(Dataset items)
━━━━━━━━━━
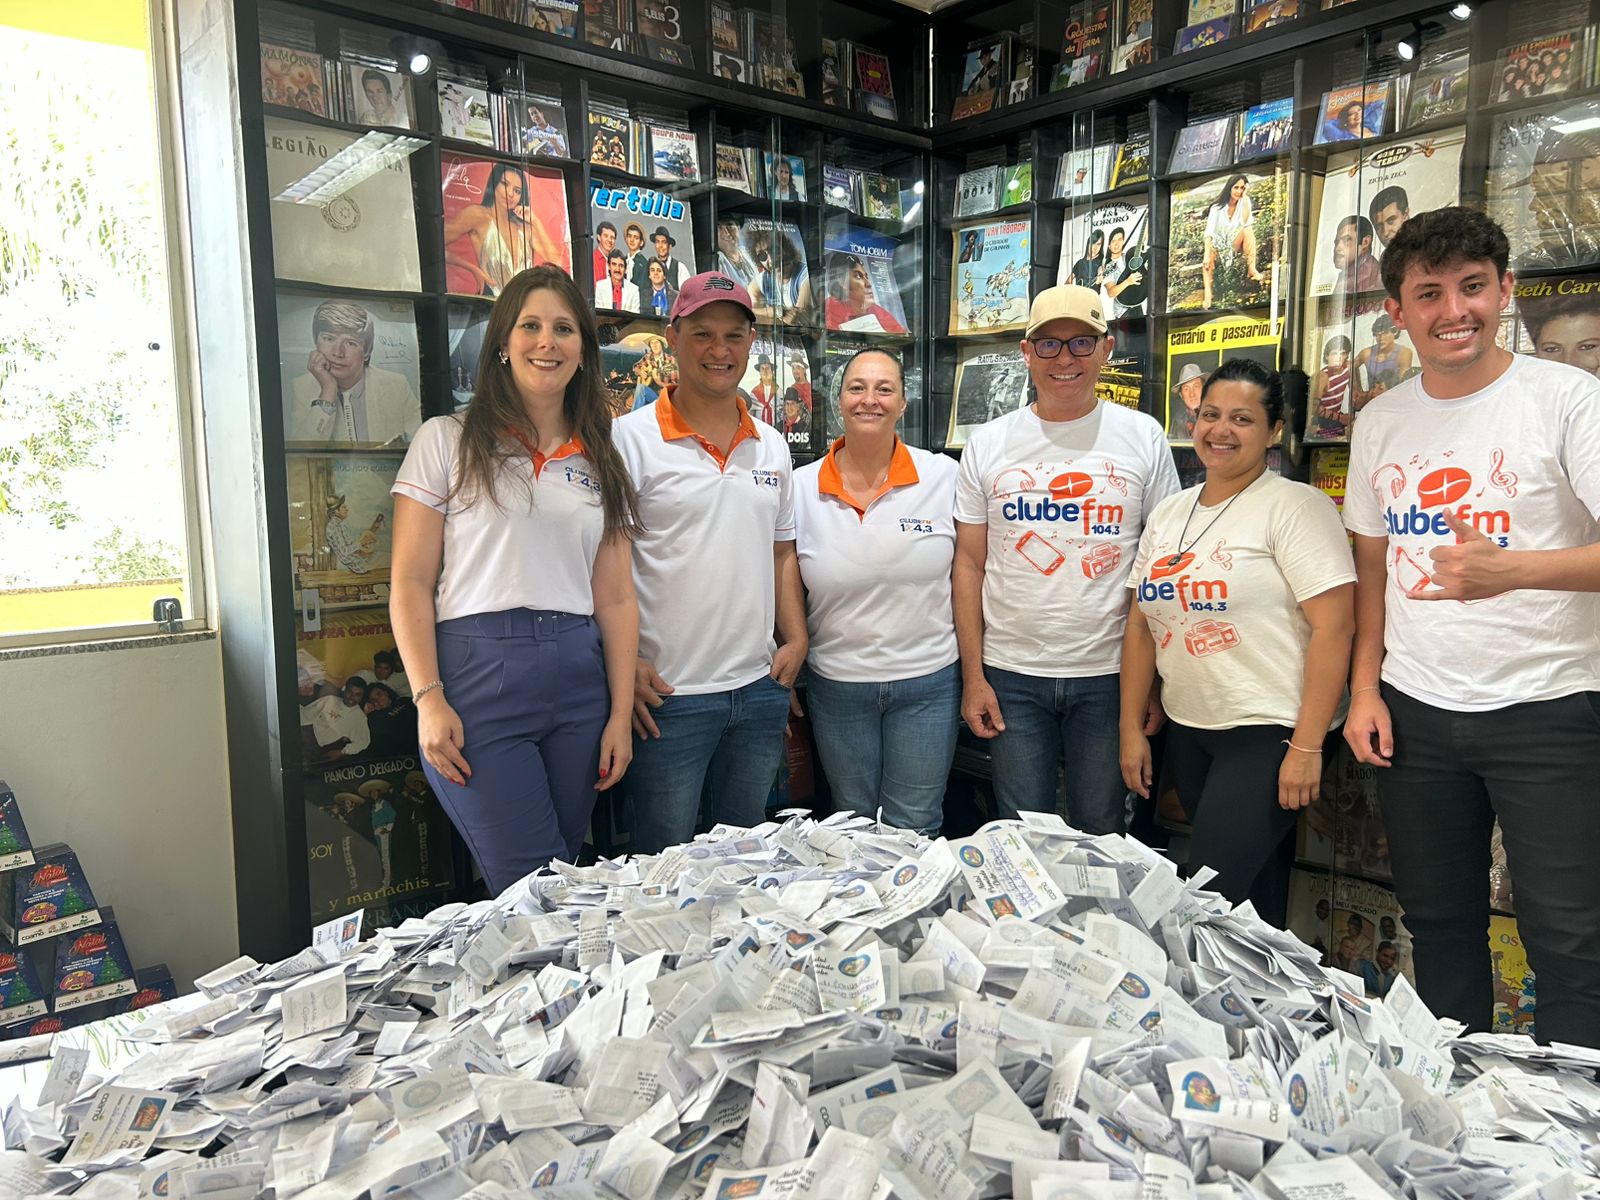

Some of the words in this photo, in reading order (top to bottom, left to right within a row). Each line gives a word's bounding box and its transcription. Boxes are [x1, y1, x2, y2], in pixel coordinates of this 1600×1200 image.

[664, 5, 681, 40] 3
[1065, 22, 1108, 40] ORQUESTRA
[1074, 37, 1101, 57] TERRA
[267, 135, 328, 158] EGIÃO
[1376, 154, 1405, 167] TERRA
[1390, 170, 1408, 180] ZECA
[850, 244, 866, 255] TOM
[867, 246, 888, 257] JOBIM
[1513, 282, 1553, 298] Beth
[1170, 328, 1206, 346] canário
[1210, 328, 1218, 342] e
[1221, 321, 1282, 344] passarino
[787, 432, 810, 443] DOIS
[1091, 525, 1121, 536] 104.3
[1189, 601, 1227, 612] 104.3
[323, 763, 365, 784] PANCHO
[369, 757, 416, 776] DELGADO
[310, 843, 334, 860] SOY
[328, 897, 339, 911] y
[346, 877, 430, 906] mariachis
━━━━━━━━━━
▶ **Your task**: Every entry should be written out word for word, except for its pictures.

▶ **Finished exercise**:
Some of the words in this photo, in reading order (top to bottom, left to right within a row). Each line gives a word's bounding box and its transcription. Boxes are [x1, y1, x2, y2], in pixel coordinates of this 1600×1200 image.

[664, 5, 681, 40] 3
[1065, 22, 1108, 40] ORQUESTRA
[1074, 37, 1101, 57] TERRA
[267, 135, 328, 158] EGIÃO
[1376, 154, 1405, 167] TERRA
[1390, 170, 1408, 180] ZECA
[850, 244, 866, 255] TOM
[867, 246, 888, 257] JOBIM
[1513, 282, 1553, 298] Beth
[1170, 328, 1206, 346] canário
[1210, 328, 1218, 342] e
[1221, 321, 1282, 344] passarino
[787, 432, 810, 443] DOIS
[1091, 525, 1121, 536] 104.3
[1189, 601, 1227, 612] 104.3
[323, 763, 365, 784] PANCHO
[369, 757, 416, 776] DELGADO
[310, 843, 334, 860] SOY
[328, 897, 339, 911] y
[346, 877, 430, 906] mariachis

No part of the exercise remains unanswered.